Referring expression grounding data
────────────────────

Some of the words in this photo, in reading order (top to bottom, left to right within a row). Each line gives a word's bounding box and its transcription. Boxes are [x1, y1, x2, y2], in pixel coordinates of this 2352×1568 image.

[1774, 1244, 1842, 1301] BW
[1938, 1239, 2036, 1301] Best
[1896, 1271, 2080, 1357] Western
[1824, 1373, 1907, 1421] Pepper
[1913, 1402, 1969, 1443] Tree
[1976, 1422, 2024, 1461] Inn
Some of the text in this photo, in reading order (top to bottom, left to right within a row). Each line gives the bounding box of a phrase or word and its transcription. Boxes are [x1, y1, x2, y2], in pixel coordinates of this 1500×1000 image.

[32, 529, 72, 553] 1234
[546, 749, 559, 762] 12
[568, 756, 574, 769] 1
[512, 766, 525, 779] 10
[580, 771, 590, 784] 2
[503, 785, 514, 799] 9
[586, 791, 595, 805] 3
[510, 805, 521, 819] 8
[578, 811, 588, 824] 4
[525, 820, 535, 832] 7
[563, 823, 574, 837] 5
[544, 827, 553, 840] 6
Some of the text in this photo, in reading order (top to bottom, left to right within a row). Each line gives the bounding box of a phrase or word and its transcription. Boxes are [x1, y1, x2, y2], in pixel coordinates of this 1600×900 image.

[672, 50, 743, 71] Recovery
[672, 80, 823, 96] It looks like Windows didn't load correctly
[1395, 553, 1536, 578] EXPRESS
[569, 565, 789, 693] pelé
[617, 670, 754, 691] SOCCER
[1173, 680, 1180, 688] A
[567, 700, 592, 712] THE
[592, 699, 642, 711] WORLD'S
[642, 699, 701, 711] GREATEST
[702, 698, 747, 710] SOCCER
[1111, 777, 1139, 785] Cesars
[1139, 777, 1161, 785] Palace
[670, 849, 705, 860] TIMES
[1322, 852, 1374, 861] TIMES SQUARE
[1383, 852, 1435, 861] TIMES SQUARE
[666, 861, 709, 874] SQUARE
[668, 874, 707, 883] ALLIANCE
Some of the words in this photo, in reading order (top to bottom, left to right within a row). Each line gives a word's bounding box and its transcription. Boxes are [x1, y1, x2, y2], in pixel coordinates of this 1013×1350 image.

────────────────────

What the task requires -
Copy each entry above exactly, leaving nothing out.

Output -
Some of the words in this photo, in reading order (top to bottom, left to right within a row). Each line gives a word's bounding box and its transcription. Boxes are [x1, y1, x2, y2], in pixel coordinates of this 2352×1568 image.

[1774, 1244, 1842, 1301] BW
[1938, 1239, 2036, 1301] Best
[1896, 1271, 2080, 1357] Western
[1824, 1373, 1907, 1421] Pepper
[1913, 1402, 1969, 1443] Tree
[1976, 1422, 2024, 1461] Inn
Some of the text in this photo, in reading order (top to bottom, left to right within a row). Each line gives the bounding box of a phrase or word and its transcription. Boxes are [x1, y1, x2, y2], in pixel coordinates of this 1500×1000 image.

[32, 529, 72, 553] 1234
[546, 749, 559, 762] 12
[568, 756, 574, 769] 1
[512, 766, 525, 779] 10
[580, 771, 590, 784] 2
[503, 785, 514, 799] 9
[586, 791, 595, 805] 3
[510, 805, 521, 819] 8
[578, 811, 588, 824] 4
[525, 820, 535, 832] 7
[563, 823, 574, 837] 5
[544, 827, 553, 840] 6
Some of the text in this photo, in reading order (top to bottom, left to right within a row). Each line gives the bounding box of a phrase or word and its transcription. Boxes are [x1, y1, x2, y2], in pixel coordinates of this 1600×900 image.

[672, 50, 743, 71] Recovery
[672, 80, 823, 96] It looks like Windows didn't load correctly
[1395, 553, 1536, 578] EXPRESS
[569, 565, 789, 693] pelé
[617, 670, 754, 691] SOCCER
[1173, 680, 1180, 688] A
[567, 700, 592, 712] THE
[592, 699, 642, 711] WORLD'S
[642, 699, 701, 711] GREATEST
[702, 698, 747, 710] SOCCER
[1111, 777, 1139, 785] Cesars
[1139, 777, 1161, 785] Palace
[670, 849, 705, 860] TIMES
[1322, 852, 1374, 861] TIMES SQUARE
[1383, 852, 1435, 861] TIMES SQUARE
[666, 861, 709, 874] SQUARE
[668, 874, 707, 883] ALLIANCE
Some of the words in this photo, in reading order (top to bottom, left to right within a row). Each line gives a word's bounding box and its transcription. Boxes are [x1, y1, x2, y2], in pixel coordinates of this 1013×1350 image.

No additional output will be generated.